Kilkakrotnie już przeczytałem, że takie coś prawdopodobnie jest niczym innym, jak zwykłym przeniesieniem jednak widzę po sobie, że to (celowo tego nie nazywam, żeby nie było dyskusji, czy to przeniesienie, czy nie) staje się nie do zniesienia, bo nagle okazało się, że to nie to, z czym zgłosiłem się pierwotnie jest aktualnie największym problemem, a to (jakkolwiek tego nie rozumieć) rozstanie z terapeutką. Gdyby była to tylko terapeutka (tzn. tak bym ją tylko oceniał) to nie byłoby problemu, ale patrzę na nią przede wszystkim przez pryzmat Jej samej – tzn. pięknej, ciepłej, miłej, serdecznej kobiety i w tym cały problem :(. Zapewne ktoś powie, że to tylko ja tak oceniam, ale tak niestety jest. Nie potrafię jakoś znaleźć we wszystkim radości, jak kiedyś, wszystko jest jakieś bez sensu, bez wartości, koloru, a o radości nawet nie wspomnę :(
@cOOba
jeśli uczucia wobec terapeutki były na długo przed terapią, to właściwie dobrze się stało, że to terapii nie doszło. Terapeuta nie powinien znać swojego klienta z innych sytuacji. A skoro do terapii nie doszło, to terapeutka jest tu jedną z kobiet o którą można zabiegać. Skoro to uczucie jest tak silne, to można warto o nim powiedzieć osobie której ono dotyczy.

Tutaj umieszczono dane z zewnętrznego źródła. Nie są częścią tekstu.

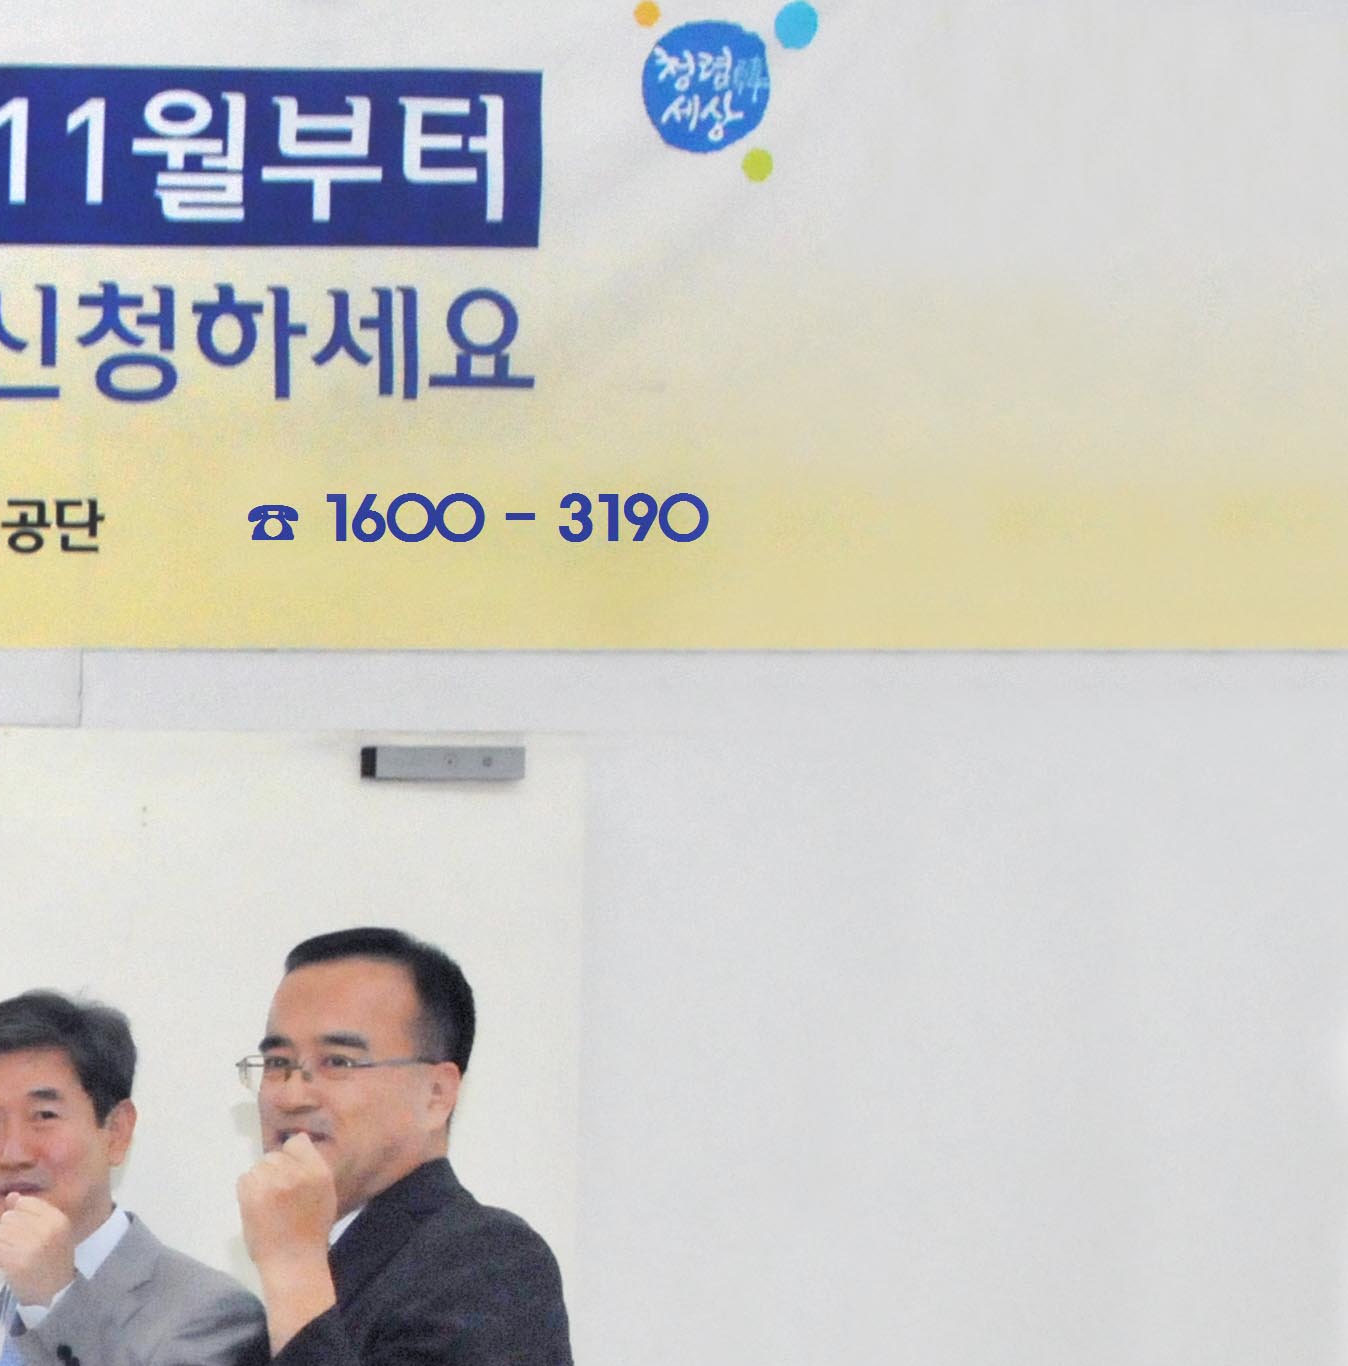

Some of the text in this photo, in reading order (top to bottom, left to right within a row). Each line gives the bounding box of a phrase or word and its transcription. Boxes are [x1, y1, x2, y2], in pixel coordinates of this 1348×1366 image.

[660, 89, 745, 142] 세상
[326, 492, 486, 543] 1600
[558, 492, 710, 543] 3190
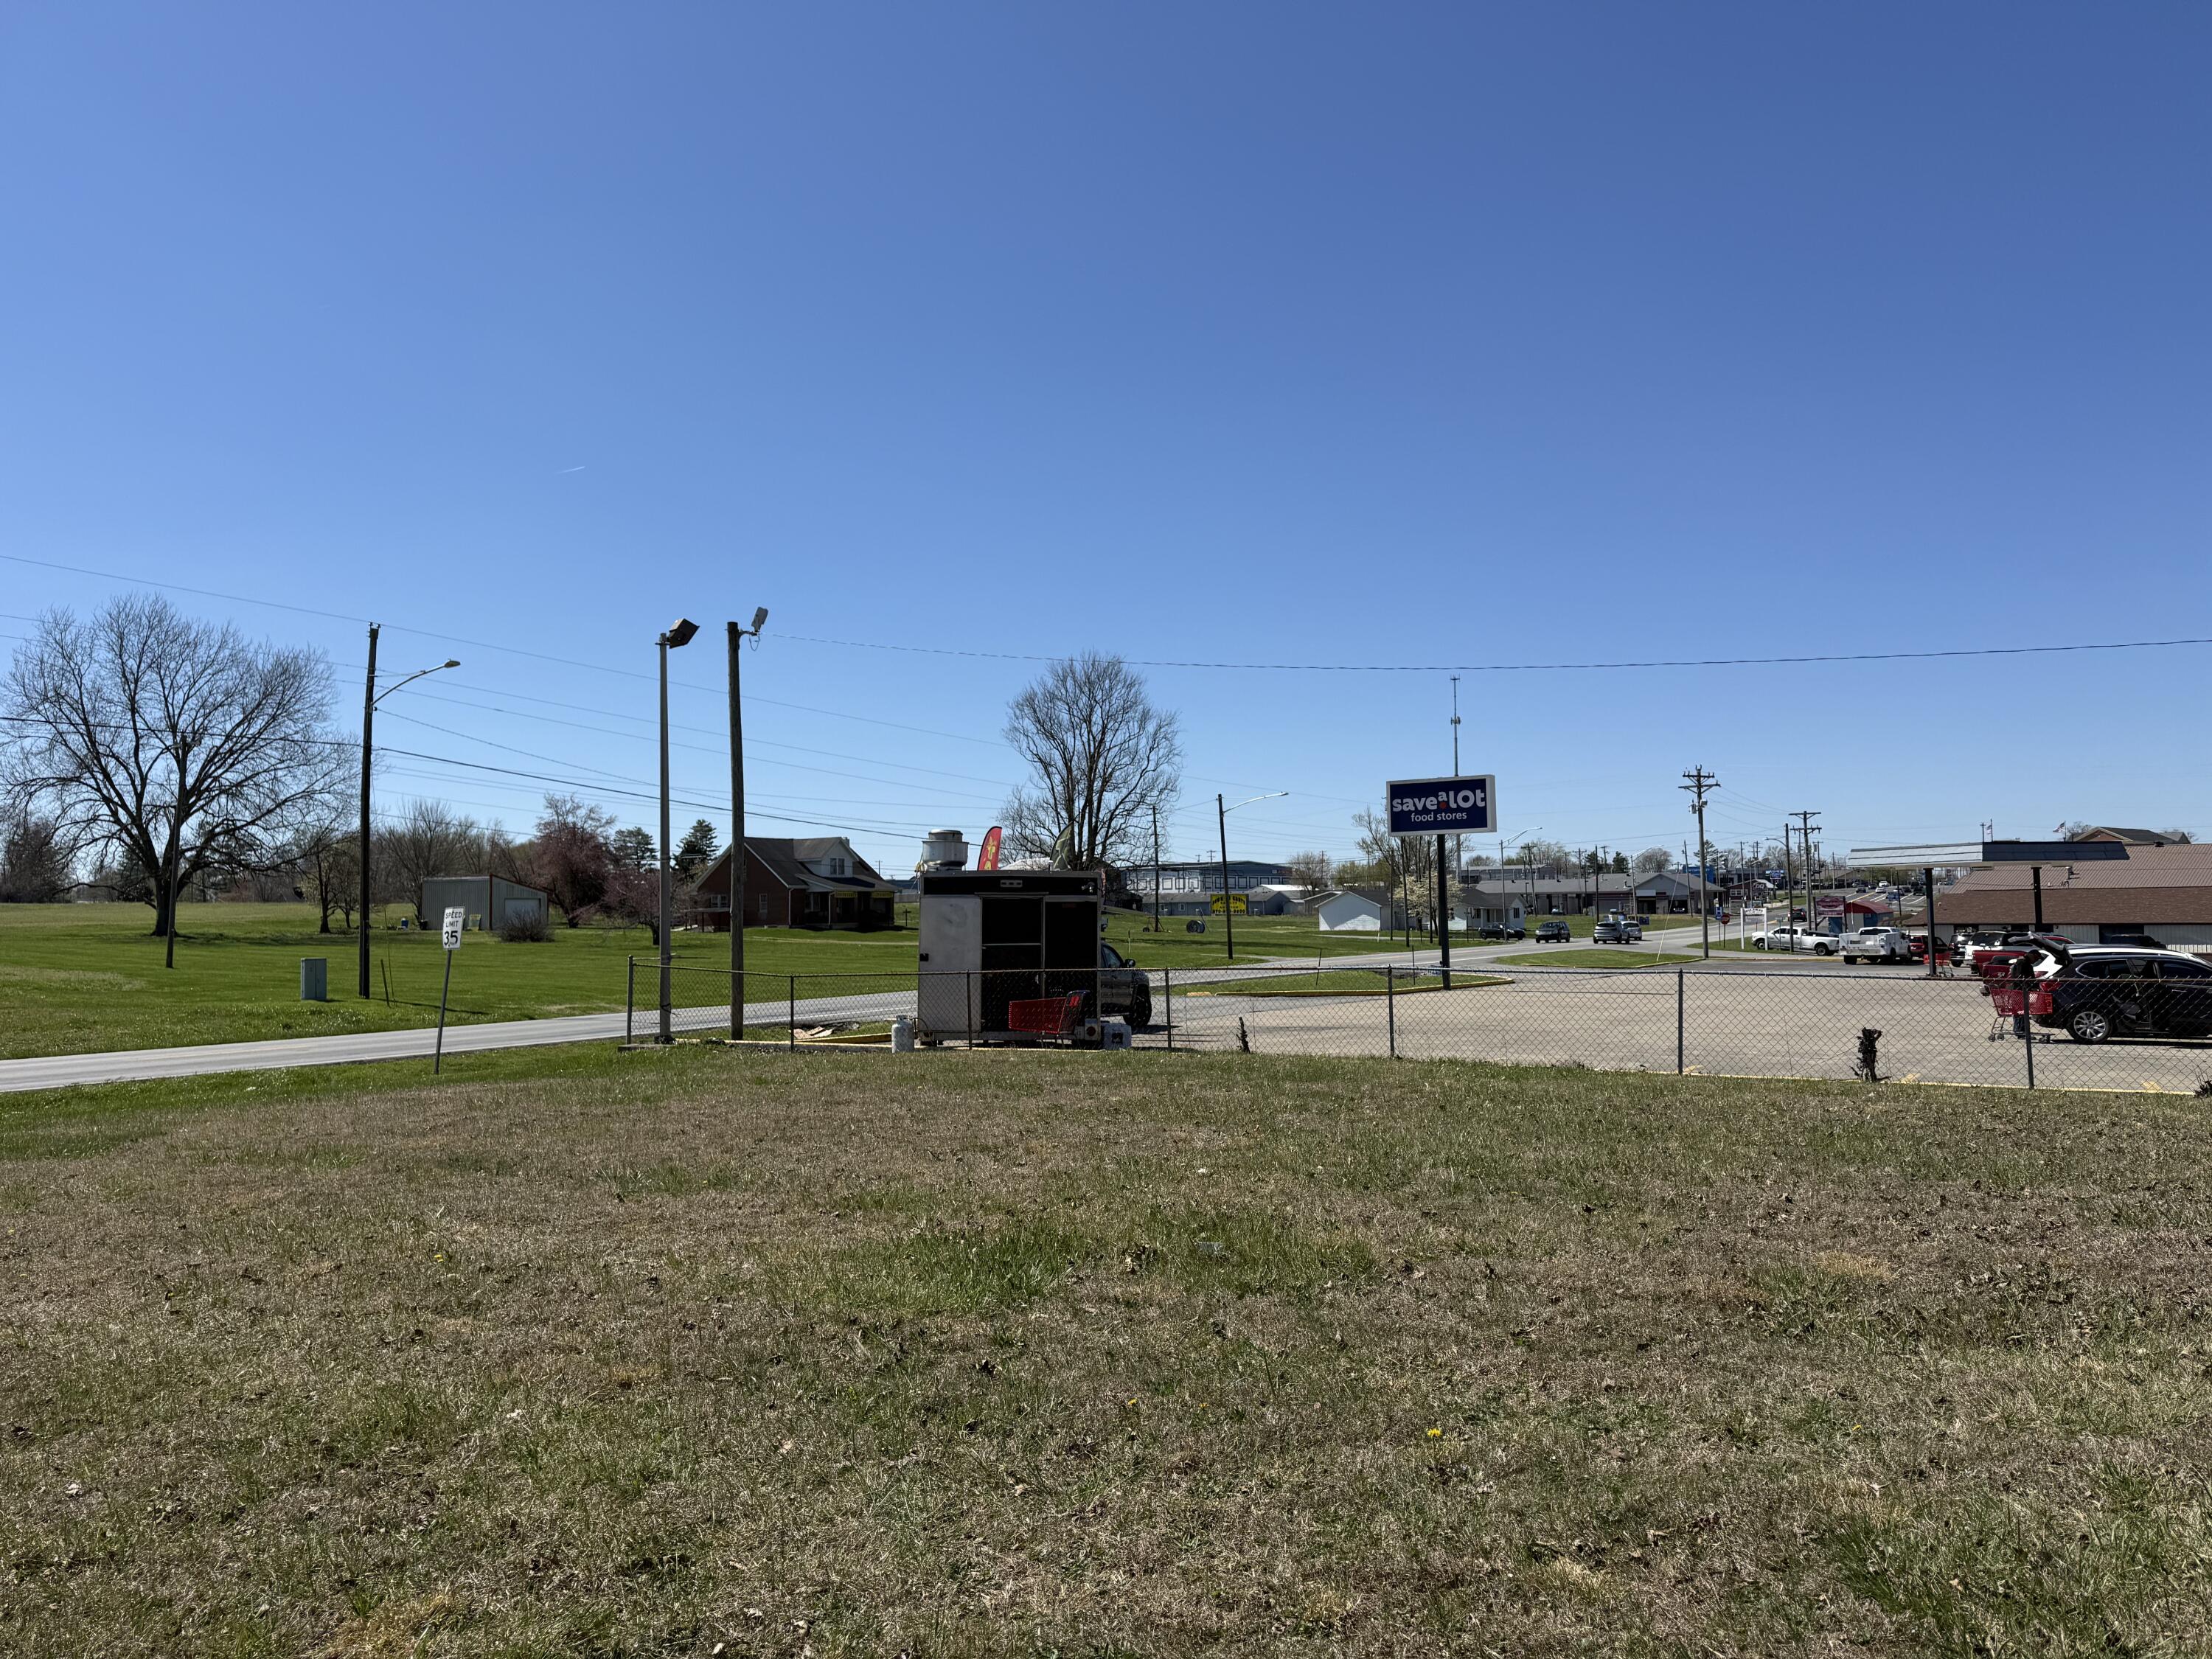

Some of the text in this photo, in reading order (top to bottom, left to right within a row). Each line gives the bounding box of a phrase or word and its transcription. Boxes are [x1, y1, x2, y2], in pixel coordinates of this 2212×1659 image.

[1411, 812, 1467, 822] food stores
[444, 930, 459, 945] 35
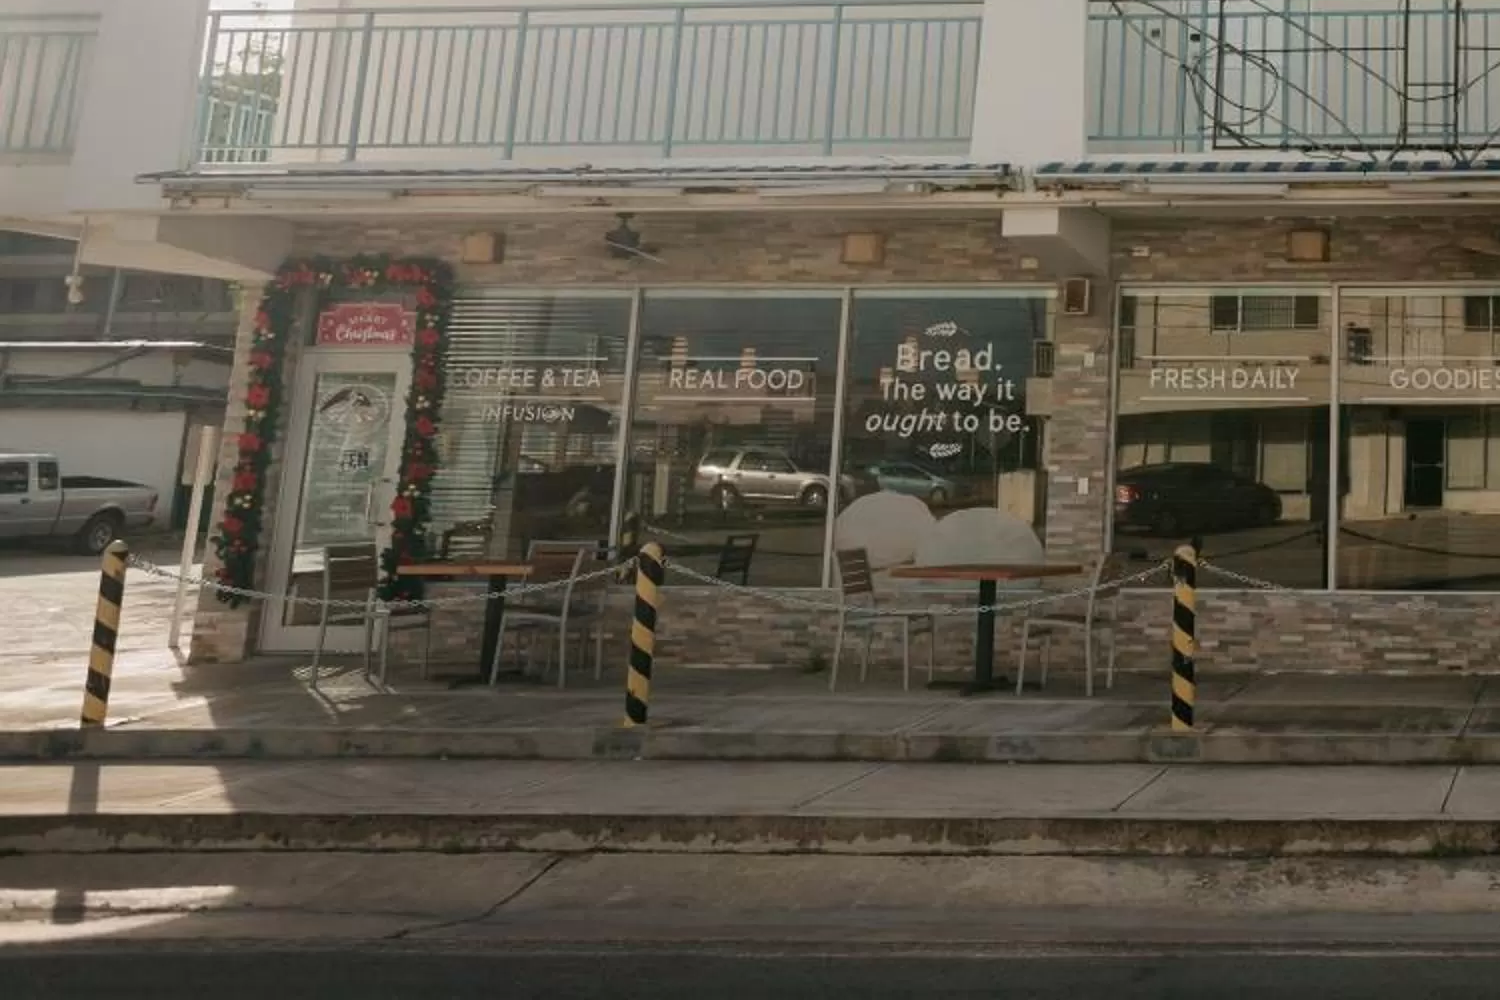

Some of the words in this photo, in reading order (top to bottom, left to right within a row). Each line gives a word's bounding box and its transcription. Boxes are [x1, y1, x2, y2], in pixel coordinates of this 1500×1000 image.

[896, 341, 1003, 372] Bread.
[451, 367, 537, 388] COFFEE
[541, 367, 555, 388] &
[561, 367, 601, 388] TEA
[669, 368, 729, 389] REAL
[734, 368, 804, 389] FOOD
[1150, 367, 1226, 390] FRESH
[1231, 367, 1300, 389] DAILY
[880, 377, 926, 401] The
[936, 382, 989, 407] way
[997, 376, 1016, 401] it
[481, 401, 576, 423] INFUSION
[864, 408, 947, 438] ought
[953, 410, 980, 432] to
[988, 408, 1031, 432] be.
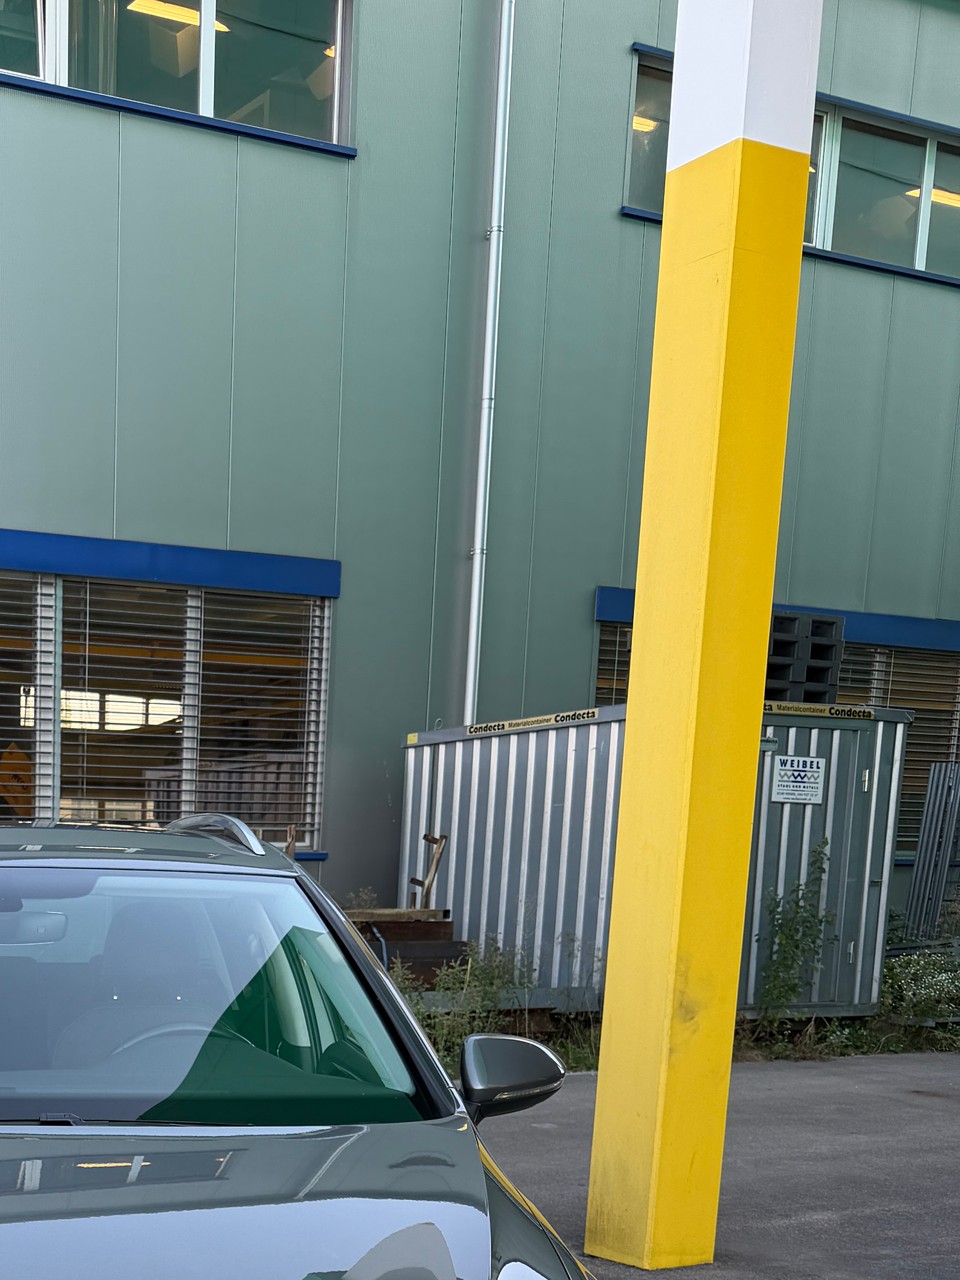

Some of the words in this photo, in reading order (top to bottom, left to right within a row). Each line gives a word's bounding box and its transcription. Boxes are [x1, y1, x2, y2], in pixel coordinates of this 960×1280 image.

[776, 704, 826, 714] Materialcontainer
[828, 706, 872, 718] Condecta
[468, 722, 506, 734] Condecta
[507, 716, 553, 729] Materialcontainer
[554, 710, 596, 723] Condecta
[779, 758, 821, 770] WEIBEL

Serdecznie dziękując za udzieloną odpowiedź na chwilę jeszcze odniosę się do napisanej przez siebie wypowiedzi, aby uściślić pewien fakt. To wszystko, co napisałem poprzednio jest oczywiście prawdą i niczego nie zamierzam się wypierać. Jest jednak pewne ale – to, że znam tę terapeutkę nie od momentu spotkania terapeutycznego jest oczywiście faktem, jednak należy uściślić, że wszelkie dotychczasowe kontakty miały charakter wyłącznie zawodowy – tzn. nie było jakichkolwiek spotkań na gruncie sticte prywatnym. Były to konsultacje psychologiczne w innym zupełnie miejscu, nie mające żadnego związku z obecną terapią.
Pozwoliłem sobie o tę adnotację, bo nabrałem wrażenia, że może tak moja poprzednia wypowiedź została odczytana i aby uniknąć ewentualnych niedomówień, czy nieporozumień :-)
Może faktycznie osobiste spotkanie będzie najlepszym rozwiązaniem – mam co prawda pewne obiekcje co do tego faktu, jak również – nie ukrywam pewną tremę, ale w obecnej sytuacji to chyba najlepsze rozwiązanie. Zgodnie z jakże znaną maksymą – “que sera sera…”
Poruszę tylko jeden wątek tego tematu: to, co opisuje autorka, można umieścić w obszarze pozytywnego przeniesienia klienta do terapeuty. Nie twierdzę bynajmniej, że jest to tylko przeniesienie, takie postawienie sprawy deprecjonowałoby uczucia klientki do terapeutki. Z doświadczeń wielu terapeutów wynika, że praca nad pozytywnym przeniesieniem klienta jest często trudniejsza dla terapeuty, niż paradoksalnie przyjmowanie od klienta negatywnych emocji. Po prostu miło jest być lubianym, cenionym i ważnym dla klienta – to ludzkie. Jeśli jednak terapeuta, choćby cząstką siebie, “zakocha” się z “zakochaniu” klienta, będzie utrudniał jego separację i samodzielność. A terapia jest także sztuką rozstawania się.